__TASK INSTRUCTIONS__
Leaving out every image, restate all the records word for word.

***** DATA EXTRACTS *****

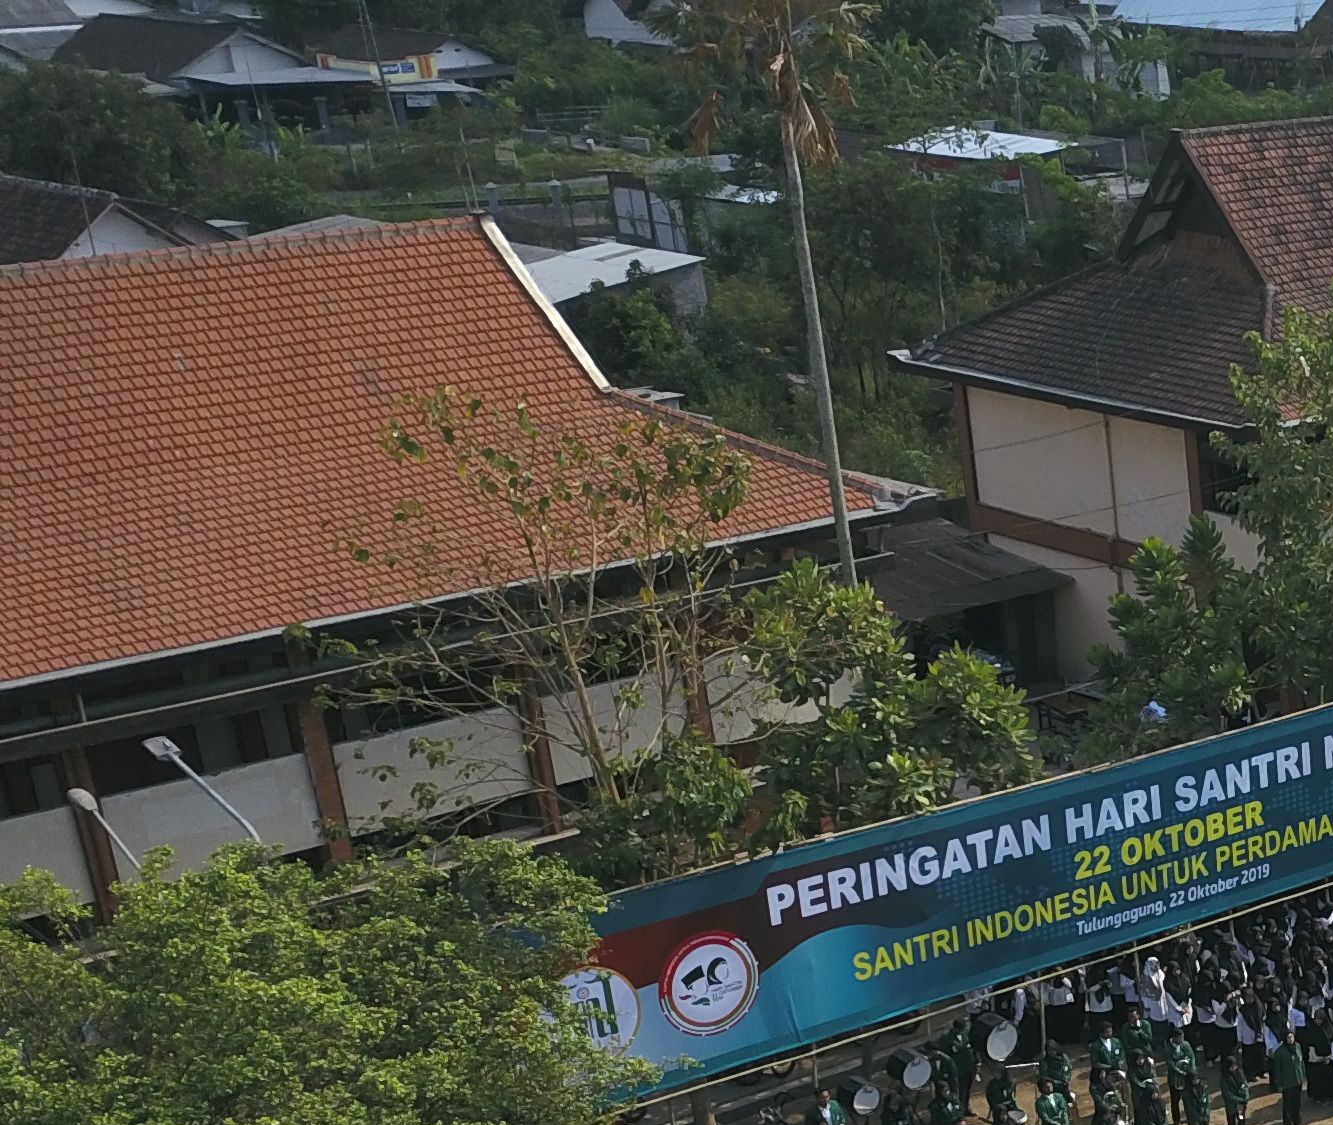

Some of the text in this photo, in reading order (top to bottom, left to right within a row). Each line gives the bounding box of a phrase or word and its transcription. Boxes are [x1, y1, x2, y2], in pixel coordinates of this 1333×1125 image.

[766, 814, 1051, 927] PERINGATAN
[1065, 784, 1162, 844] HARI
[1174, 742, 1311, 812] SANTRI
[1074, 800, 1265, 880] 22 OKTOBER
[853, 925, 959, 980] SANTRI
[966, 881, 1116, 947] INDONESIA
[1121, 851, 1209, 901] UNTUK
[1076, 863, 1270, 936] Tulungagung, 22 Oktober 2019
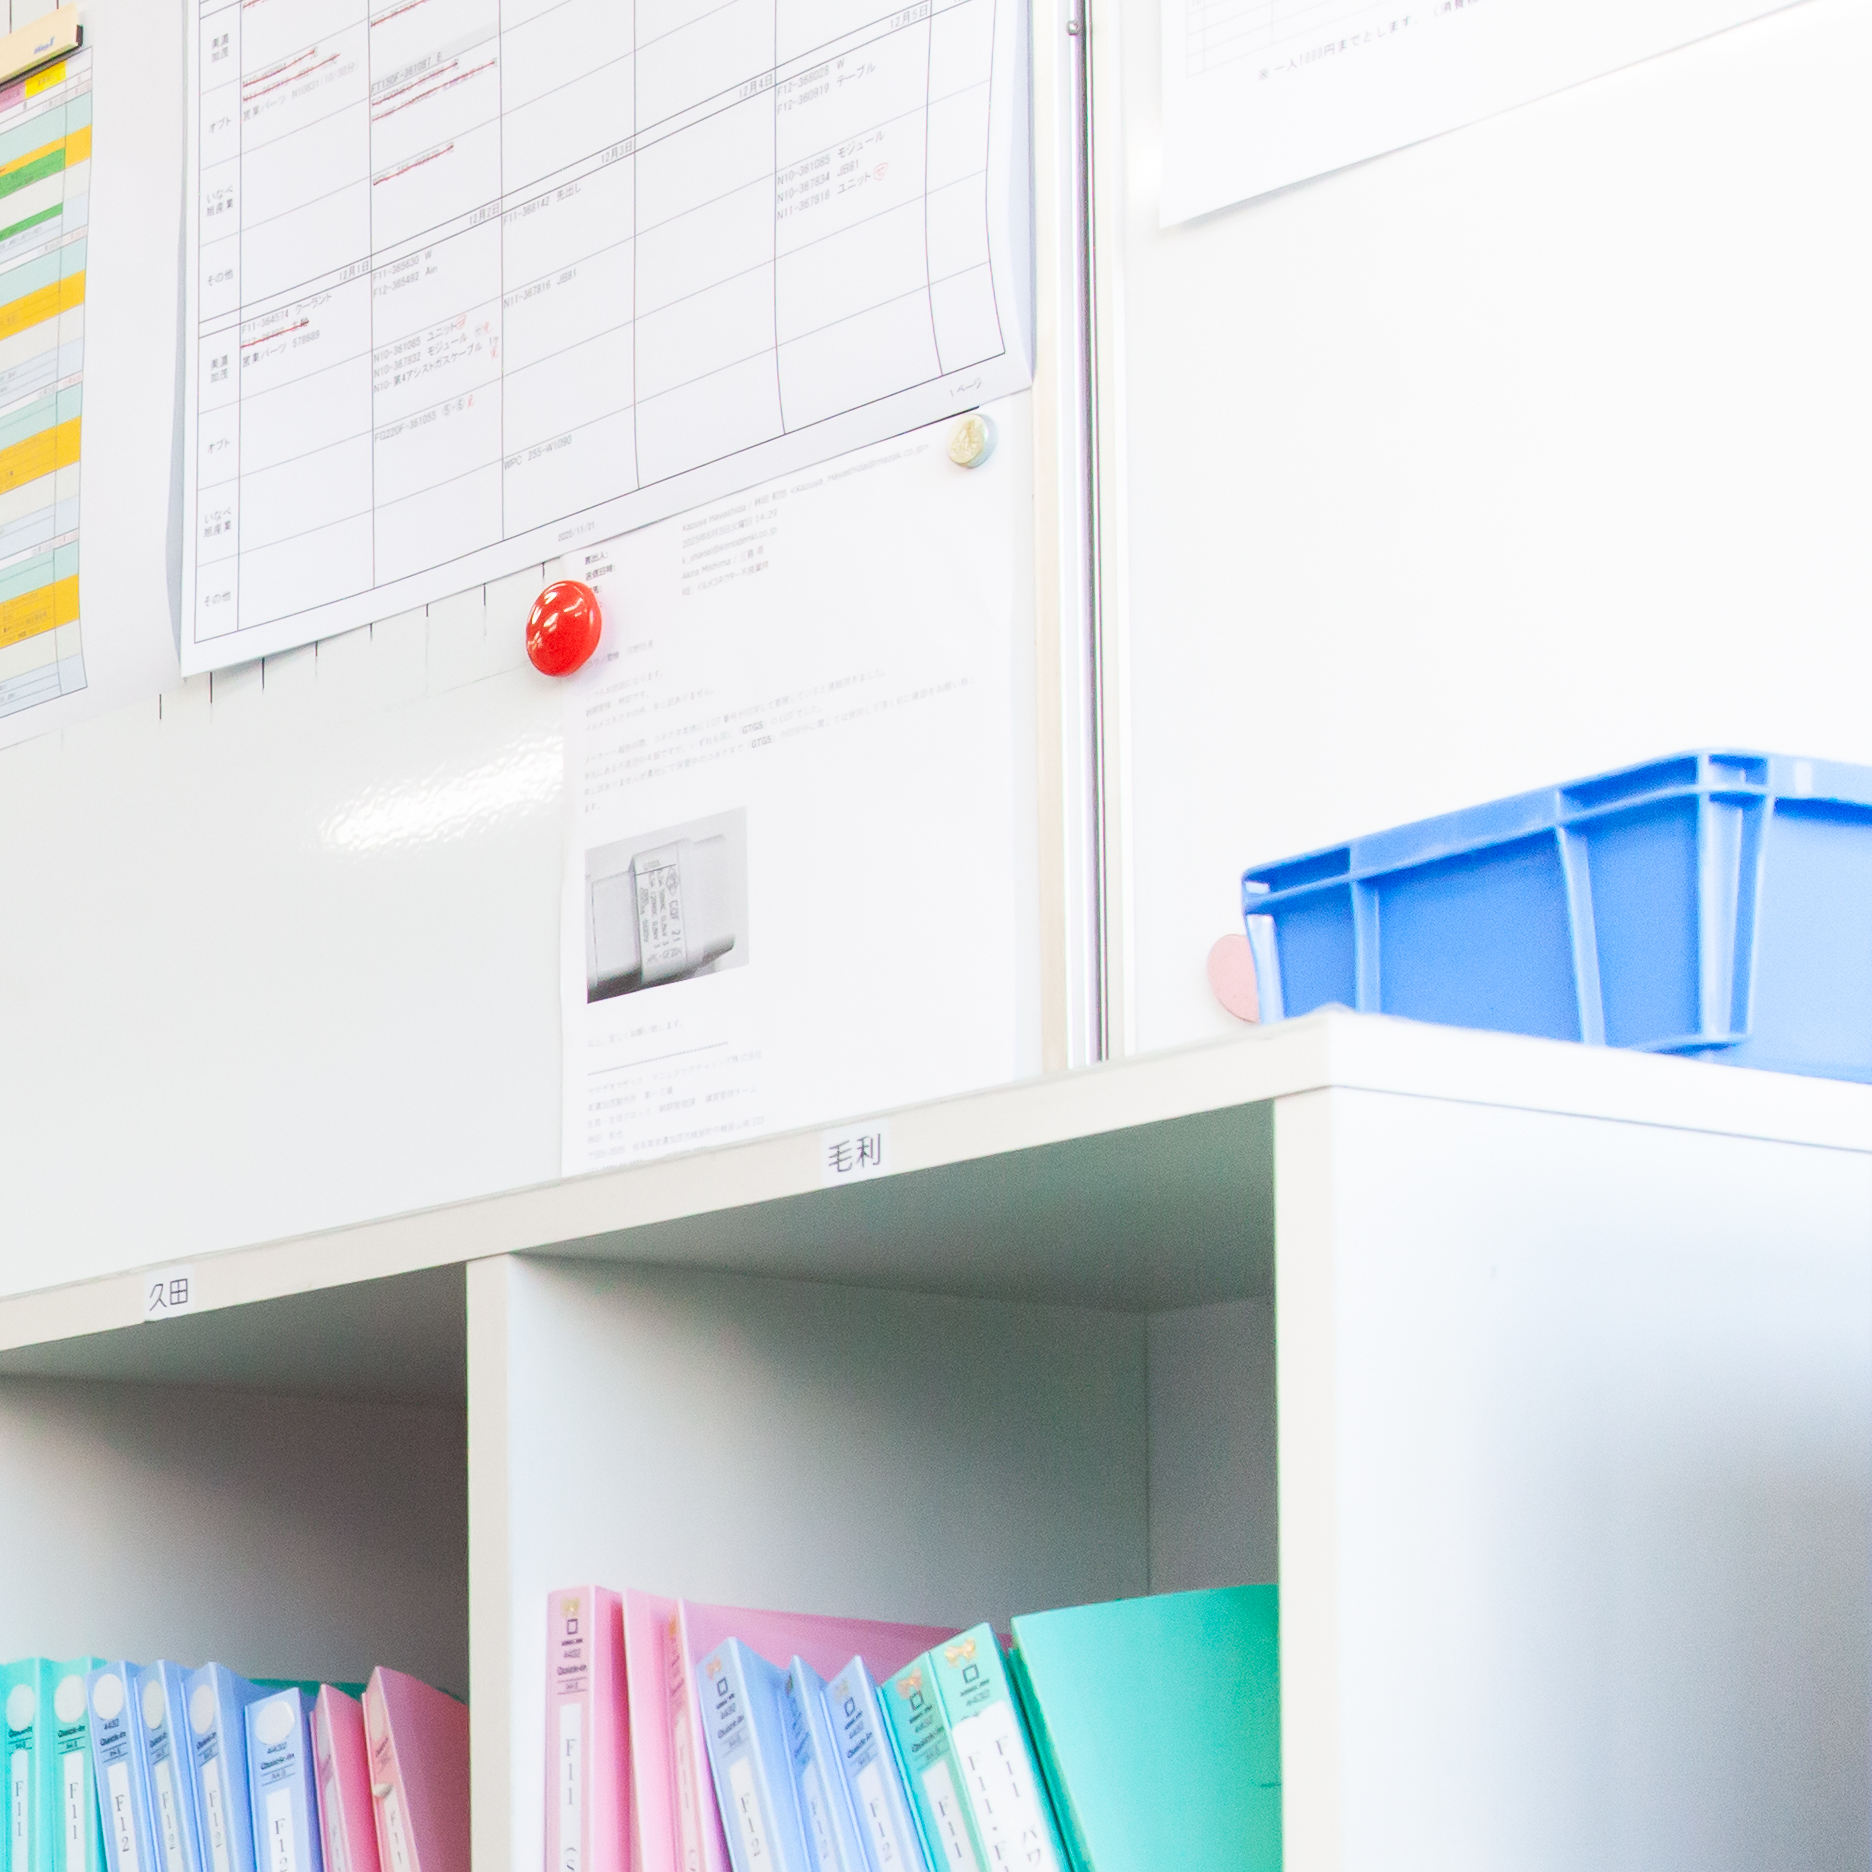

*****

__SOLVED EXERCISE__
Some of the text in this photo, in reading order (top to bottom, left to right within a row). Each line gives the bounding box of a phrase or word and its transcription. Boxes are [x1, y1, x2, y2], in pixel coordinates of this 1333×1125 image.

[766, 814, 1051, 927] PERINGATAN
[1065, 784, 1162, 844] HARI
[1174, 742, 1311, 812] SANTRI
[1074, 800, 1265, 880] 22 OKTOBER
[853, 925, 959, 980] SANTRI
[966, 881, 1116, 947] INDONESIA
[1121, 851, 1209, 901] UNTUK
[1076, 863, 1270, 936] Tulungagung, 22 Oktober 2019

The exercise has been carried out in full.